Reading Time: 6 minutes

The man on my port side is recalling the Waihine grounding and the boy off to starboard insists he sees sharks but am I bothered? Wellington harbour’s calm and emerald green, terns are escorting the ferry Awatere into Cook Strait and the first of the three Great Journeys of New Zealand I am making on your behalf is fully underway. 

The seasonal Coastal Pacific train between Picton and Christchurch will be my second journey; the TranzAlpine between Christchurch and Greymouth the third. NZ Rail doesn’t know that for these trips I’d pay to travel in the luggage car and has got me in Scenic Plus, their new first class service and worth every cent although, full disclosure, I never paid a thing. 

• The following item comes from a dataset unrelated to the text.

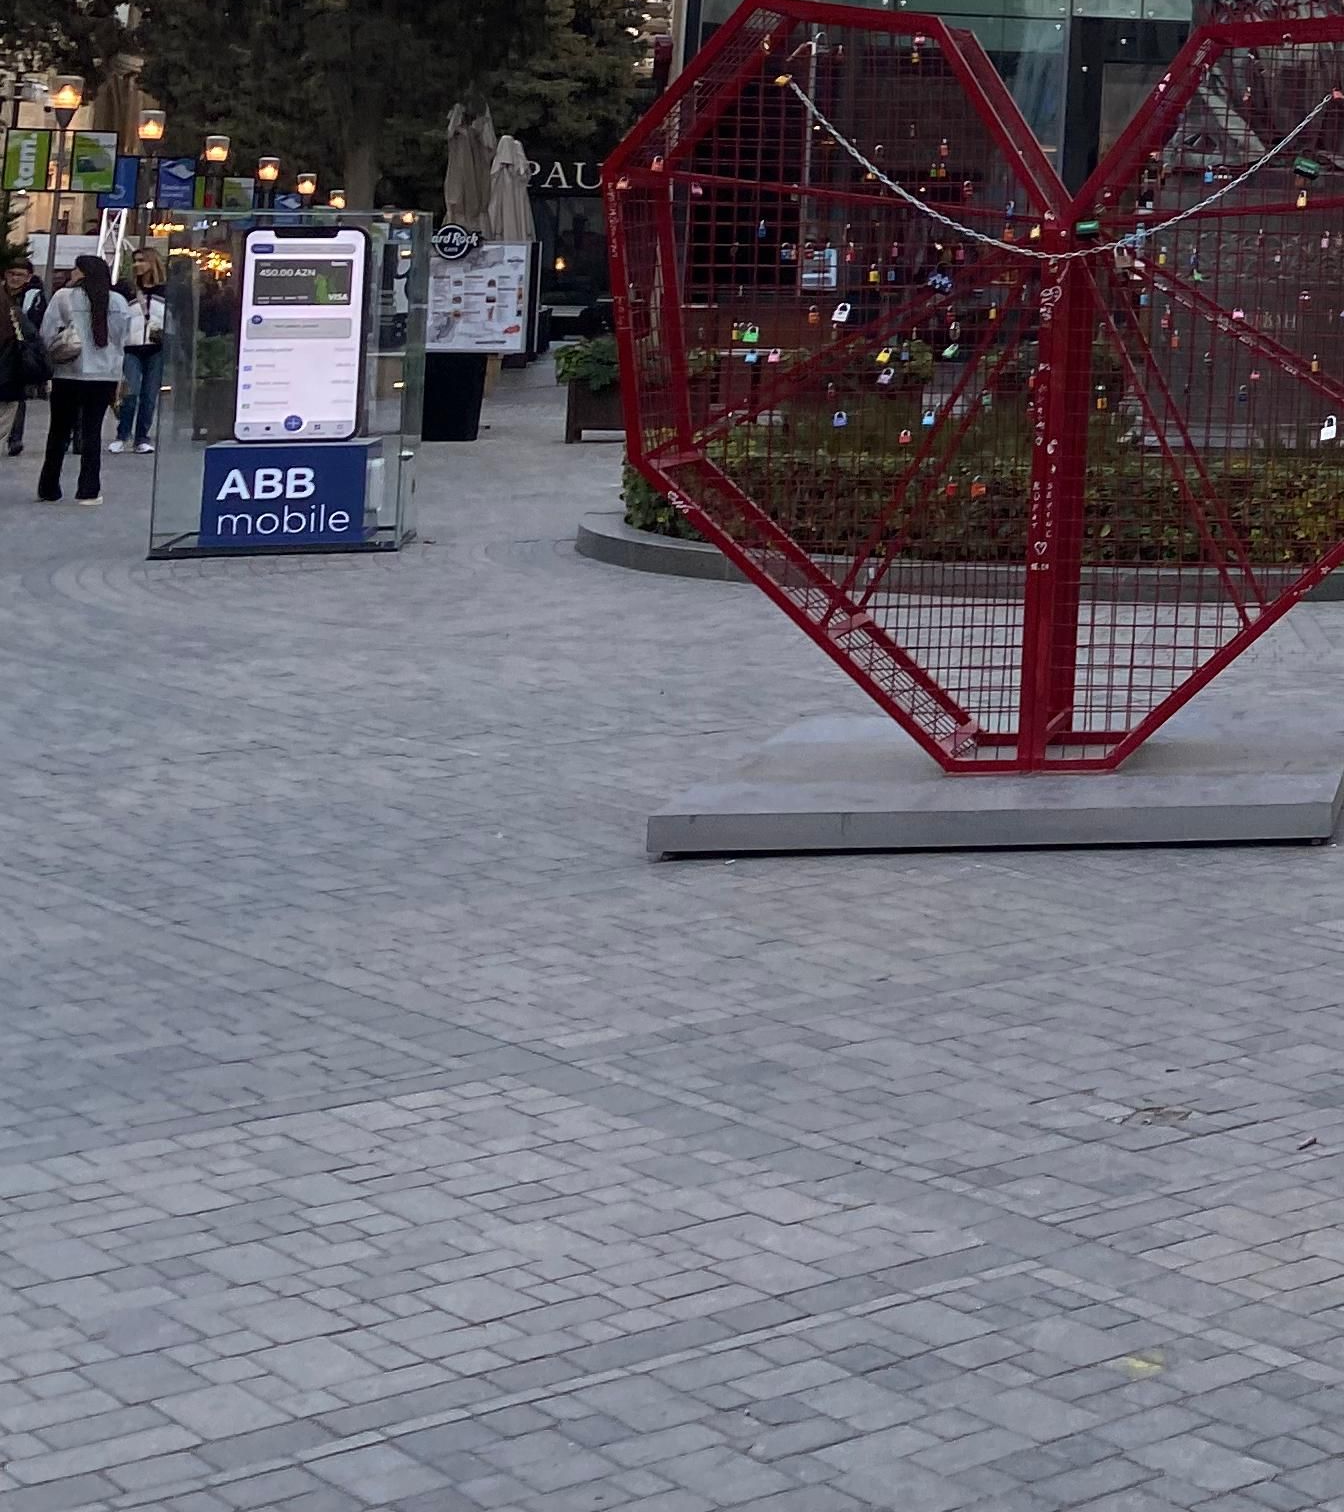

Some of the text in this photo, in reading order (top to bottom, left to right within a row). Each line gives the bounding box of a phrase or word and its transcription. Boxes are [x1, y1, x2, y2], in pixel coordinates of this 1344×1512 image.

The Picton ferries have their own version of Carriage A and if I wasn’t so busy striding Awatere’s decks whistling sea shanties, shouting “Ahoy there” at fellow passengers and generally entering into the salty spirit of things I could upgrade to the Interislander Plus lounge (meals and drinks included, comfy seats, no children). However, no need – I have partaken of one a “world famous oven-baked scone” (more jam next time please); the Awatere is only a third full – many Kiwis are back at work and Covid’s done for the internationals – and the juveniles on board are fully occupied with their BYO activities or the ferry’s.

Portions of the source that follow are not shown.